Mais revenons à cette image ; en réalité, il s'agit du théorème de Desargues. Le théorème de Desargues est un théorème de géométrie projective, et c'est un des théorèmes mathématiques les plus importants, bien que peu de gens soient conscients de son importance - ainsi que de sa signification méta-mathématique et transcendantale.
Le théorème de Desargues peut se formuler d'un grand nombre de manières différentes, mais fondamentalement, ce qu'il affirme, est l'équivalence essentielle de la géométrie et de l'algèbre - du moins pour une certaine classe d'algèbres et de géométries, mais je ne vais pas entrer dans des détails techniques trop compliqués et inessentiels dans ce contexte. L'important c'est que pour la géométrie ordinaire, euclidienne, c'est le théorème de Desargues qui exprime la possibilité de décrire les figures par des nombres, de les étudier par des nombres ; c'est ce théorème, découvert inopinément par un architecte du grand siècle qui ne s'occupait pas du fondement des mathématiques, qui assure au final l'équivalence essentielle entre la science des nombres et la science de l'espace, et la conversion réciproque de l'une dans l'autre - qui s'apparente bien à une sorte de sacrifice.
Il y aurait quantité de choses à dire sur la géométrie projective ; j'adore cette discipline, car elle repose sur un principe de dualité qui est, en quelque sorte, l'expression mathématique la plus achevée possible de la dualité en général, de toute forme de dualité. Les rapports dialectique entre les idées métaphysiques d'unité et de dualité trouvent en elle et en elle seule leur formulation mathématique la plus adéquate ; le théorème de Desargues en est en quelque sorte la clef de voûte.
En deux dimensions, le principe de dualité projective affirme l'équivalence entre la structure algébrique des points d'un plan, et celle de ses droites.
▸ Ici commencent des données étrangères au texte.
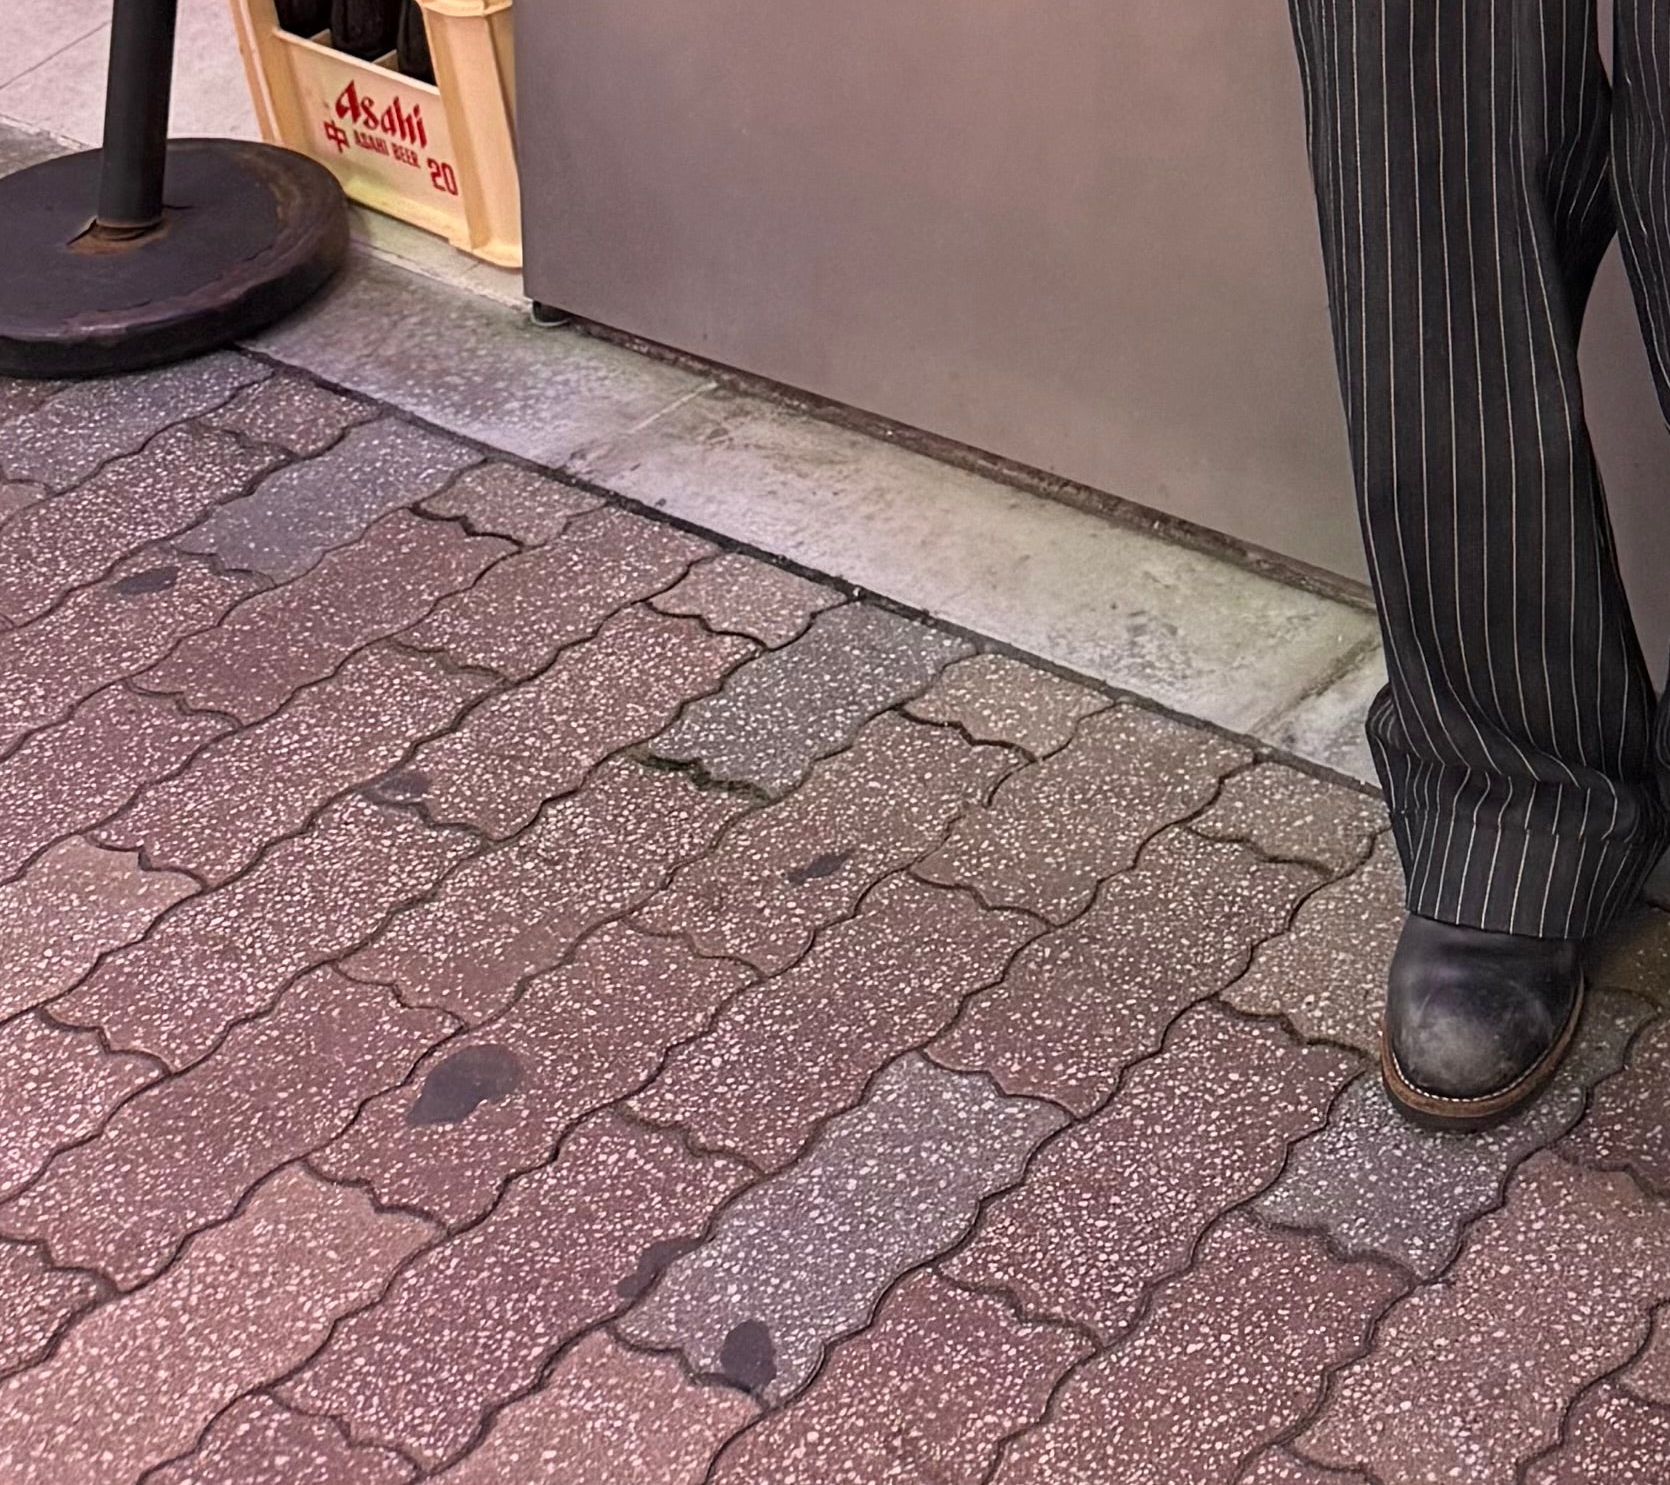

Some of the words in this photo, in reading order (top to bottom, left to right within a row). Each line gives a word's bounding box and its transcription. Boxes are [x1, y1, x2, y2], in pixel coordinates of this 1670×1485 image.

Le point représente l'être dans son état le plus primordial, contracté à l'extrême, un et indivisible, tandis que la droite représente l'horizon déployé des possibilités selon lesquelles l'être s'actualise ; il s'agit de deux états complémentaires et opposés, que relie un principe de dualité rigoureusement équivalent à la dualité point-droites en géométrie projective ; d'ailleurs la manifestation elle-même est traditionnellement décrite comme une projection - l'image, utilisée par René Guénon dans le Symbolisme de la Croix, du rayon existentiateur et du plan de réflexion n'exprime rien d'autre que cela, or la géométrie projective n'est justement rien d'autre que l'étude des propriétés générales des projections ; par conséquent, tout se tient avec une logique parfaite.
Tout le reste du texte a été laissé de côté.